> [EXERCISE] If an entry holds a picture, leave that picture out; copy everything else exactly.

= Beginning of Section =

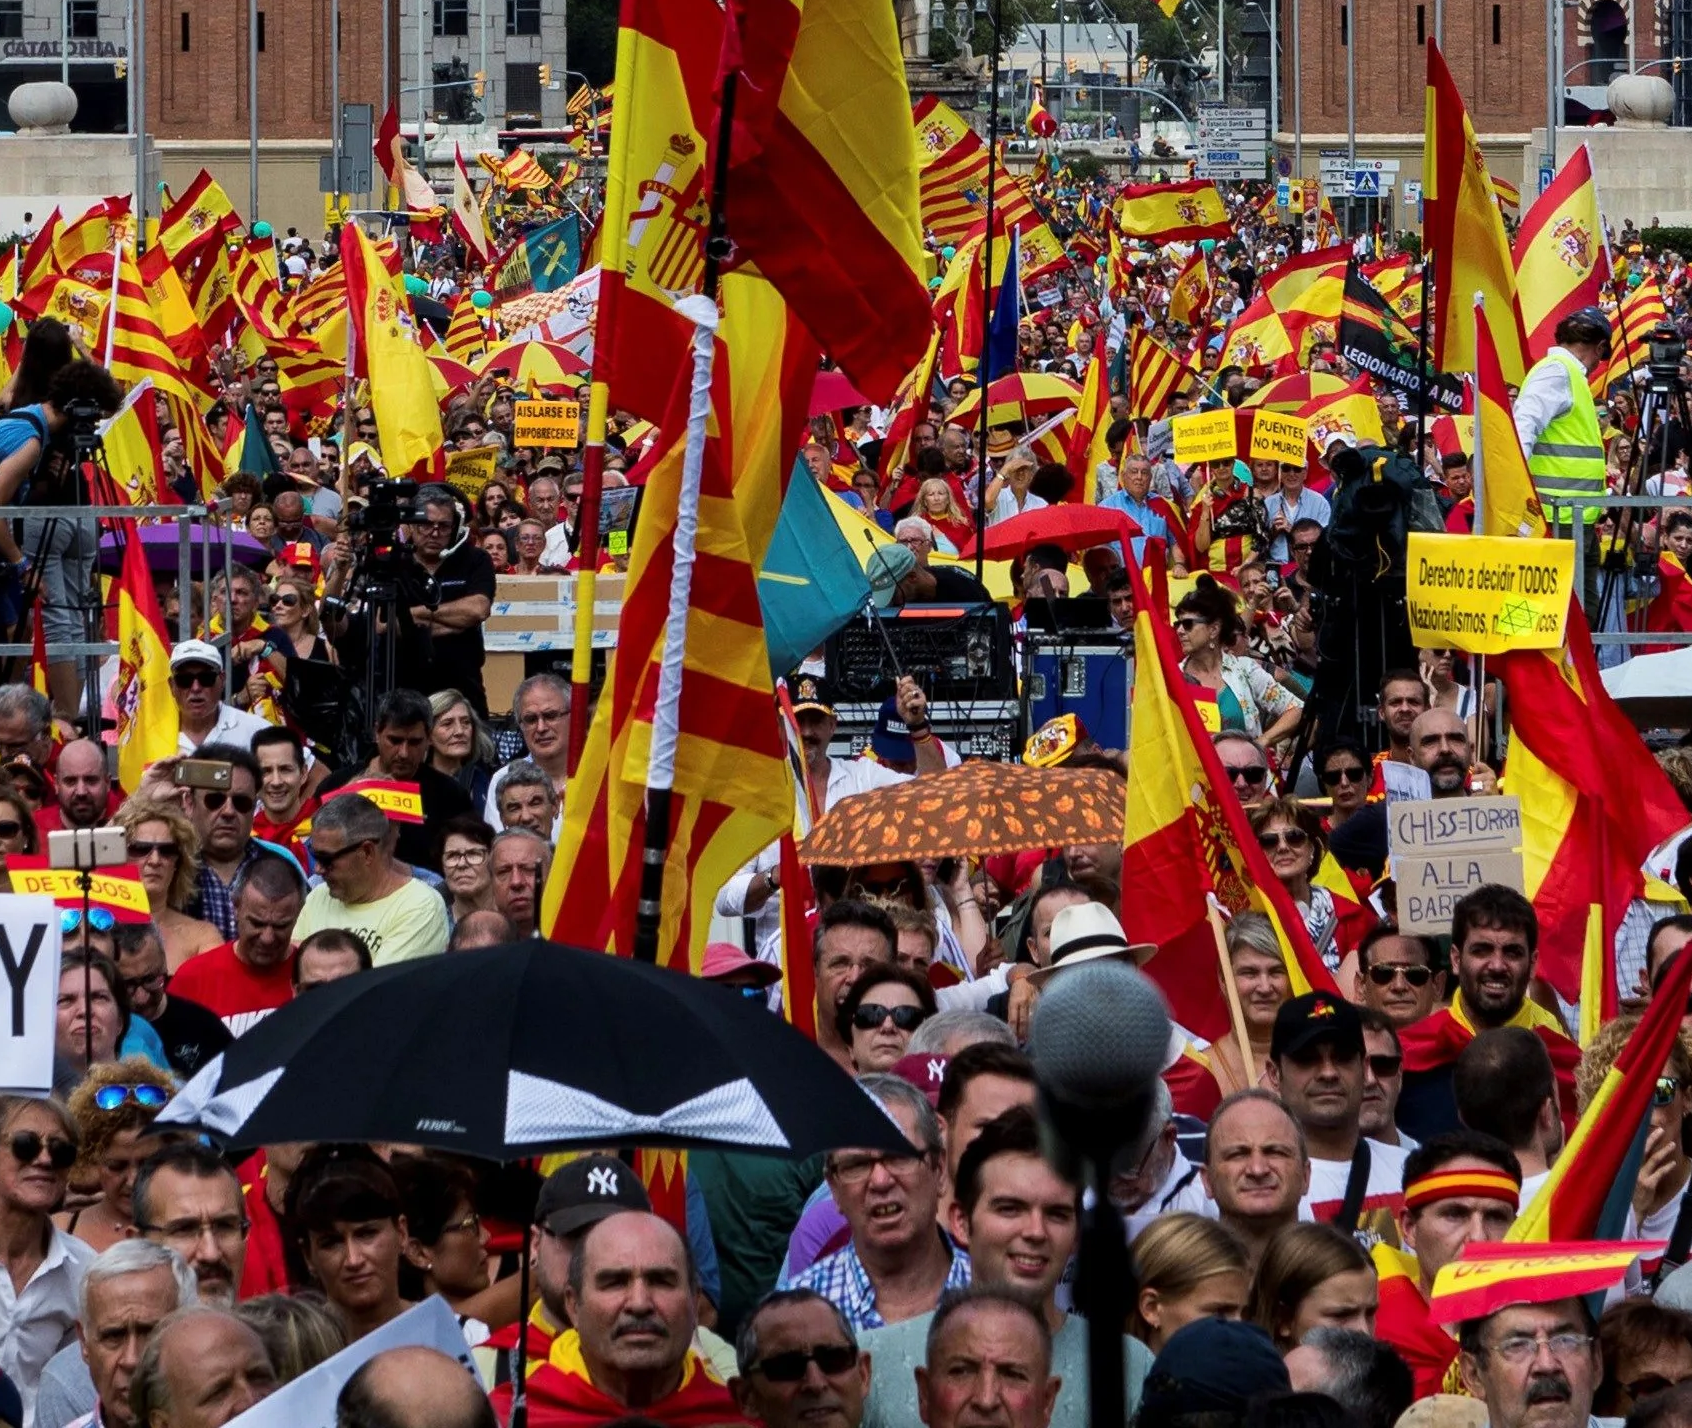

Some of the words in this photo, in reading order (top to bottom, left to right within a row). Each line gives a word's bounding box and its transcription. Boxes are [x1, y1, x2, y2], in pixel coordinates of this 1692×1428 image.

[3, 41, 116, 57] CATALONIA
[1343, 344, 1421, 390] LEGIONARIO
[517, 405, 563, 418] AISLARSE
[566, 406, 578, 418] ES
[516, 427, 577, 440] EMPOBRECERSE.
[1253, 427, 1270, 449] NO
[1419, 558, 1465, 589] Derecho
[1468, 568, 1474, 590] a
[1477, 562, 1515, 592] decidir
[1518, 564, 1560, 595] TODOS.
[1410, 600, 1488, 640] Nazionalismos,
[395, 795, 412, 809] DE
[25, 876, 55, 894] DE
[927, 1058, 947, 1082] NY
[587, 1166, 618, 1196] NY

= End of Section =

> [ANSWER TO THE PROBLEM]
Some of the words in this photo, in reading order (top to bottom, left to right within a row). Each line gives a word's bounding box and its transcription. Boxes are [x1, y1, x2, y2], in pixel coordinates of this 1692×1428 image.

[3, 41, 116, 57] CATALONIA
[1343, 344, 1421, 390] LEGIONARIO
[517, 405, 563, 418] AISLARSE
[566, 406, 578, 418] ES
[516, 427, 577, 440] EMPOBRECERSE.
[1253, 427, 1270, 449] NO
[1419, 558, 1465, 589] Derecho
[1468, 568, 1474, 590] a
[1477, 562, 1515, 592] decidir
[1518, 564, 1560, 595] TODOS.
[1410, 600, 1488, 640] Nazionalismos,
[395, 795, 412, 809] DE
[25, 876, 55, 894] DE
[927, 1058, 947, 1082] NY
[587, 1166, 618, 1196] NY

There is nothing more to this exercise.